One of the peskiest weeds in the Layton area is the puncturevine weed.
Unlike most weeds, this nuisance does not grow upward, but fans out along the ground like a spider web.
If not eliminated, this noxious weed will stretch across and cover a sidewalk and/or clog a gutter.
According to the Utah State University Extension Service in Farmington, this notorious weed can be a real nuisance.
This weed also has a nickname -- goatheads -- for its thorny seeds, which can puncture bicycle tires and on occasion, even some vehicle tires.
These thorns can also end up on the bottom of shoes and will then be a nuisance indoors, as the thorns are carried into homes.
Dogs too, are plagued by the thorns in their footpads, as they walk along puncturevine weed infested sidewalks.
This weed is at its peak in mid to late summer and thrives in hot, dry weather -- especially at the edge of unhealthy lawns. Puncturevines dry up in early fall and then they drop their seeds. These are thorny pods, carrying four to five seeds each. Every plant can produce hundreds of seeds.

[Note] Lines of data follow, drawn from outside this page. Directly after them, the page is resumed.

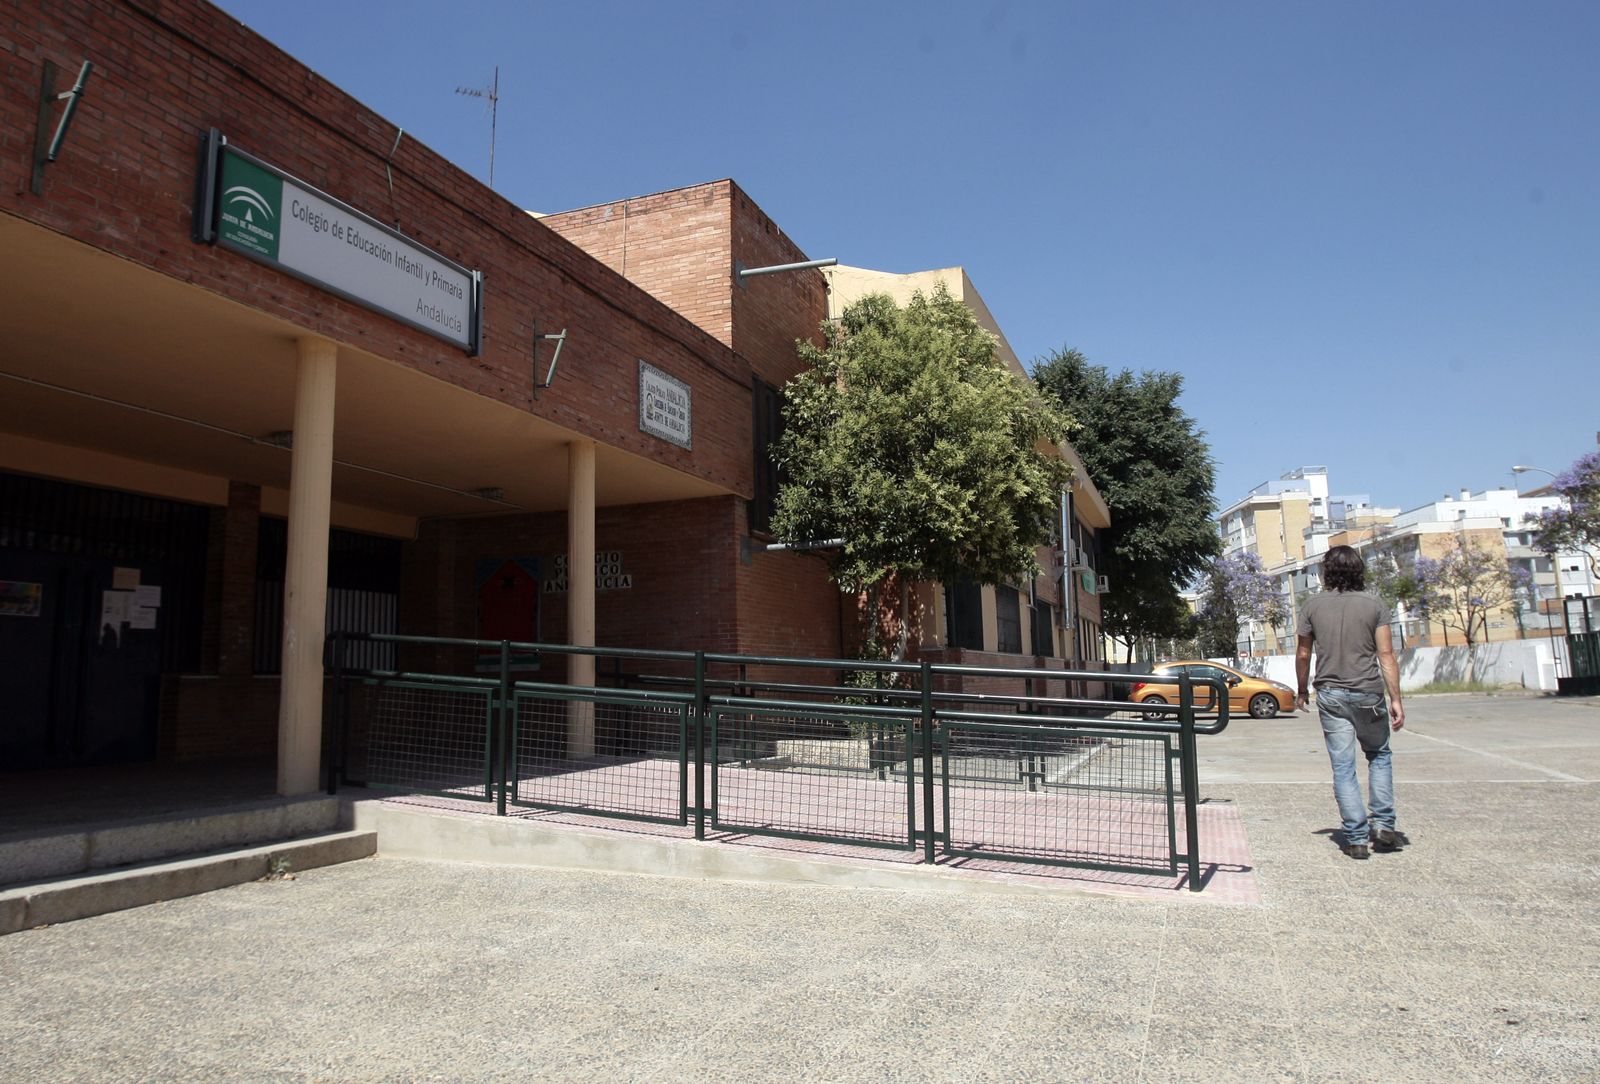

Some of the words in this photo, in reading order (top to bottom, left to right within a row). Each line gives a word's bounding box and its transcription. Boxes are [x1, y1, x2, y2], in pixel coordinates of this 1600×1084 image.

[291, 200, 329, 233] Colegio
[331, 221, 344, 240] de
[346, 227, 392, 264] Educación
[394, 251, 424, 281] Infantil
[425, 271, 431, 286] y
[432, 270, 463, 300] Primaria
[416, 298, 462, 333] Andalucía
[554, 552, 619, 566] CGIO
[546, 576, 630, 592] ANUCIA

In the summer growing season, this weed can go from germination to flower in just three weeks.
Residents need to dig up the weeds, spray them with weed killer, or at the least cut them off the sidewalks.
If not controlled, the puncturevine thorns will exist well into winter and will then produce new weeds next year.
Puncturevine seeds can remain dormant for up to five years. Besides regular weed control each growing season, the seeds need to be collected. Some people use an old piece of carpet, slid along the ground, to help pick up the thorny seeds. Others just use a broom, or a wet/dry vacuum.
Layton City’s ordinances call for control of noxious weeds and the puncturevine falls into that category.